When you give the entries again, keep every word as it stands and drop the pictures.

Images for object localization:
# # #

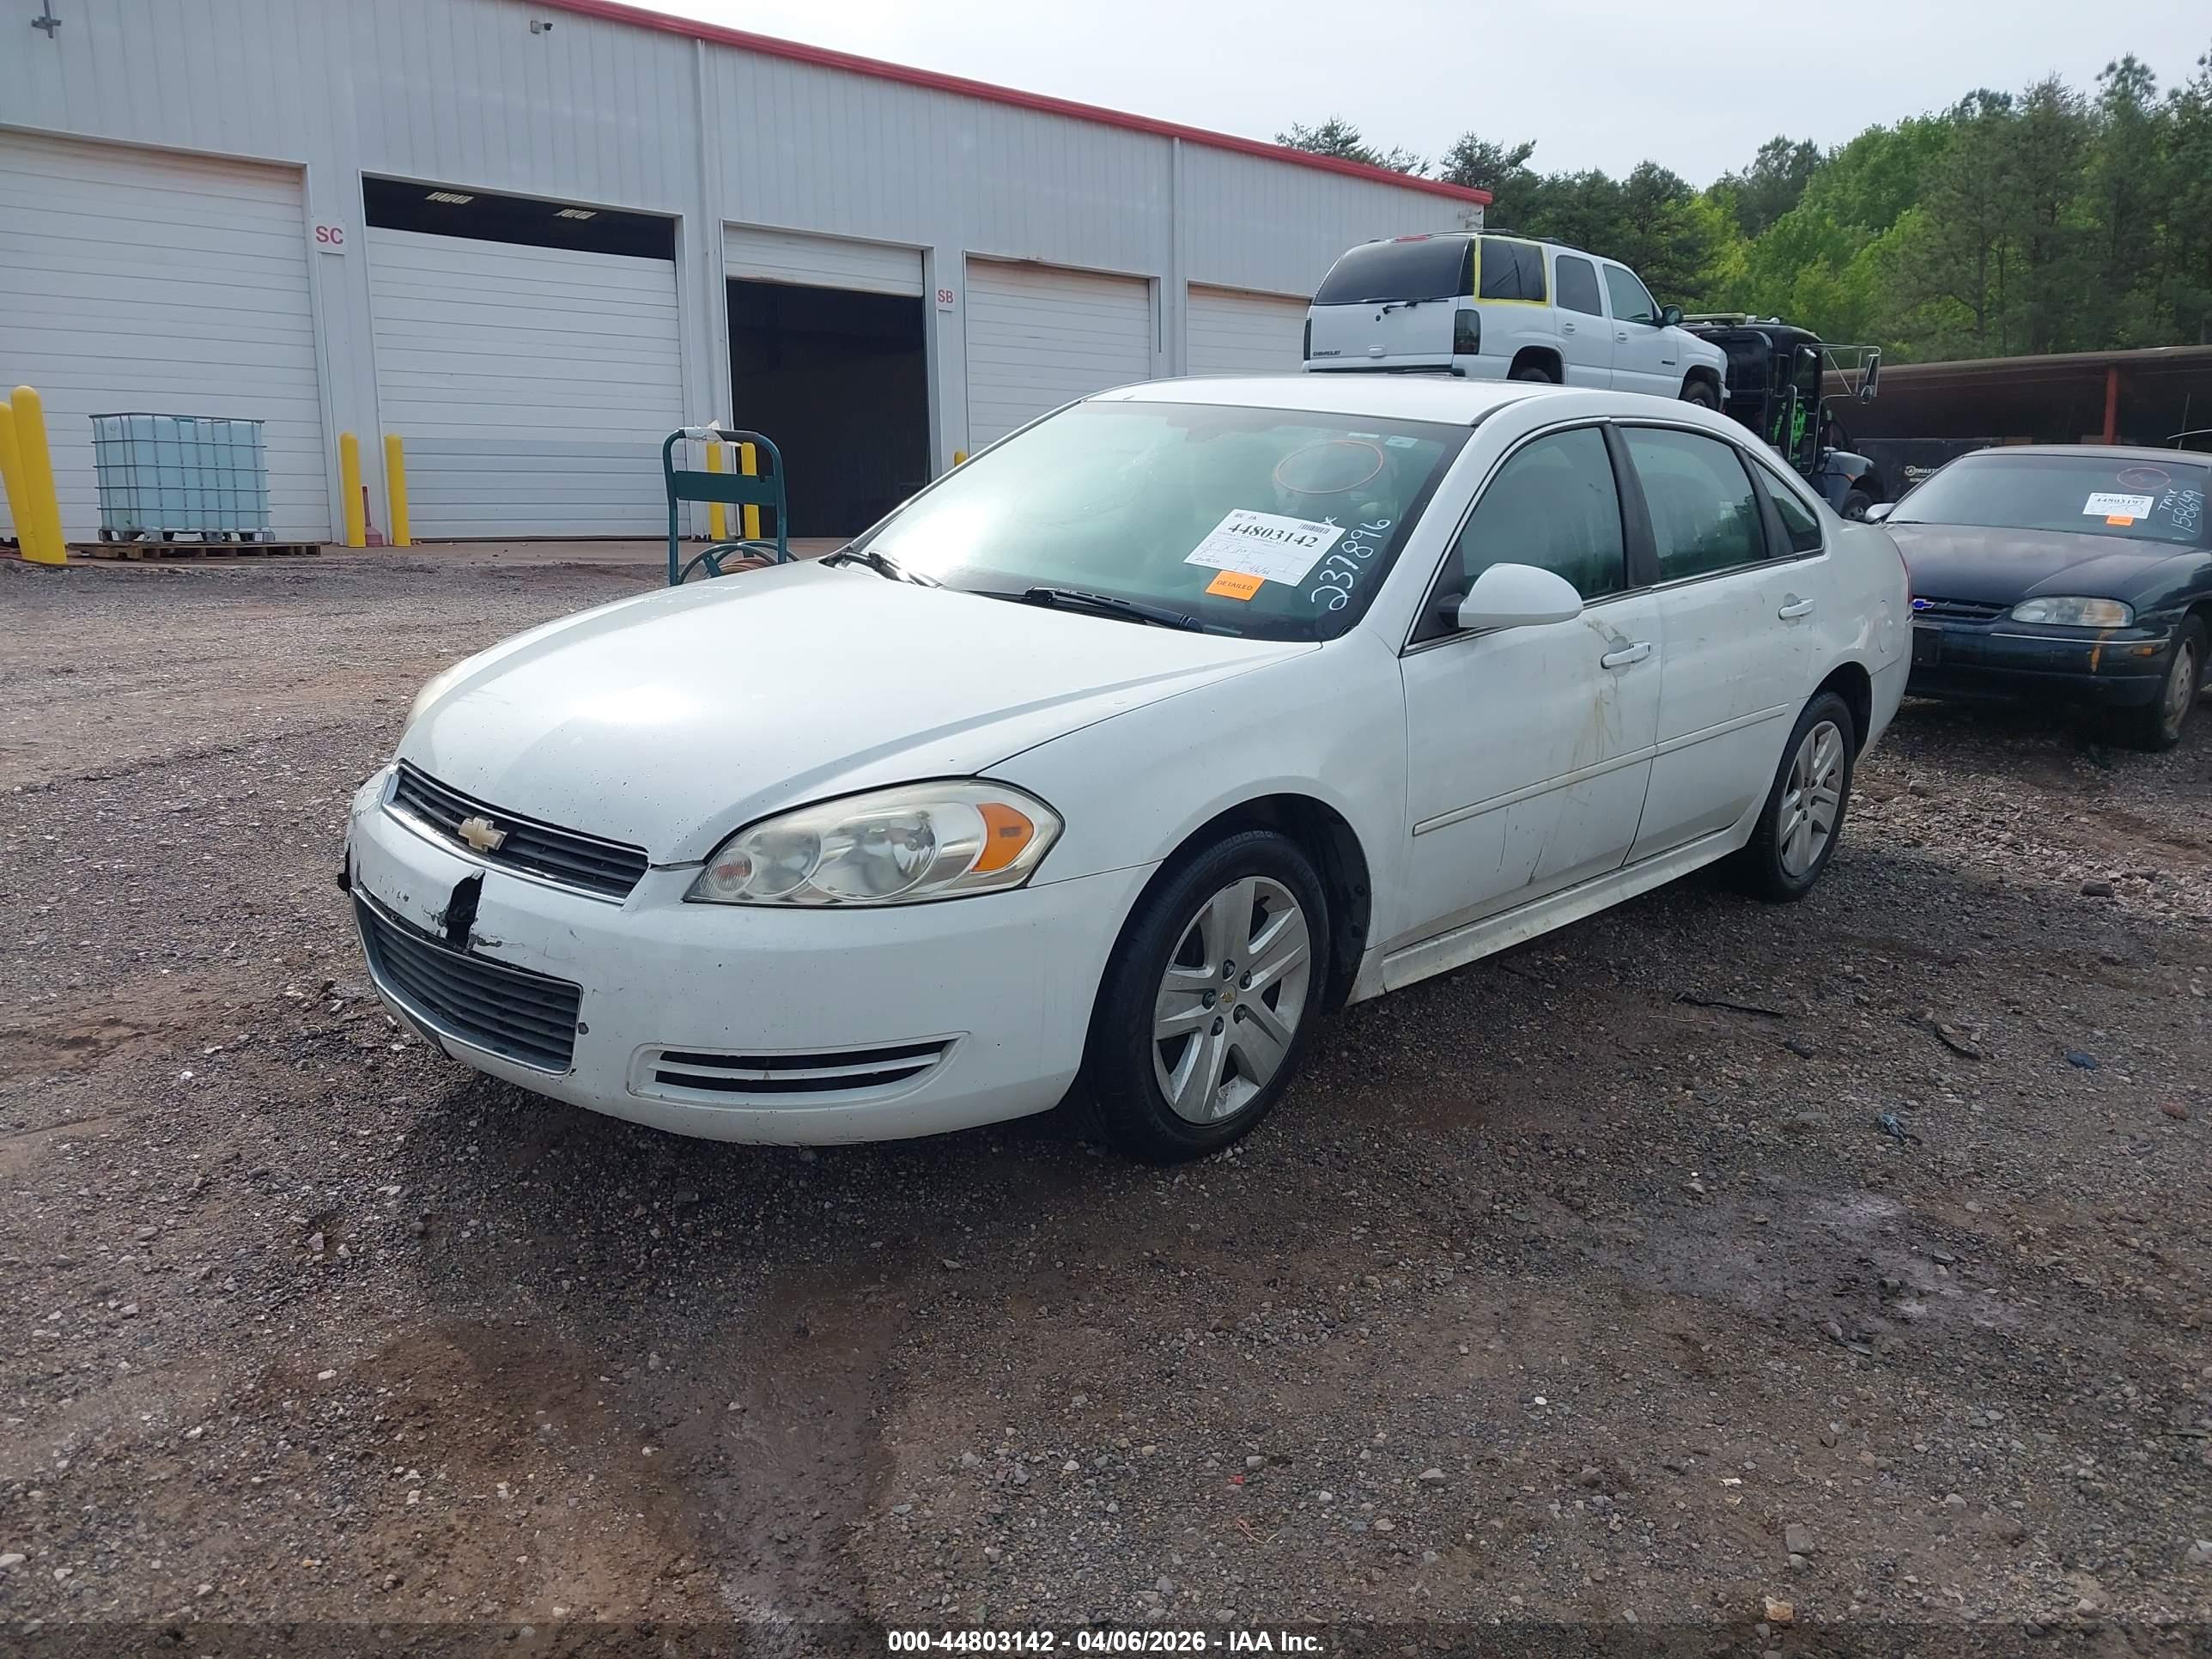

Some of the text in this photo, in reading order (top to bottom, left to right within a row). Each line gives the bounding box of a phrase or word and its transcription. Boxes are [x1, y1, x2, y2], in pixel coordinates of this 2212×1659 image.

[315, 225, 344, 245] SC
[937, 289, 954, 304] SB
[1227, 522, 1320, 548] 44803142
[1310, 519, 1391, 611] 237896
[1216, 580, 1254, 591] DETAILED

# # #

Answer for the task:
Some of the text in this photo, in reading order (top to bottom, left to right within a row). Each line gives the bounding box of a phrase or word and its transcription. Boxes are [x1, y1, x2, y2], in pixel coordinates of this 2212×1659 image.

[315, 225, 344, 245] SC
[937, 289, 954, 304] SB
[1227, 522, 1320, 548] 44803142
[1310, 519, 1391, 611] 237896
[1216, 580, 1254, 591] DETAILED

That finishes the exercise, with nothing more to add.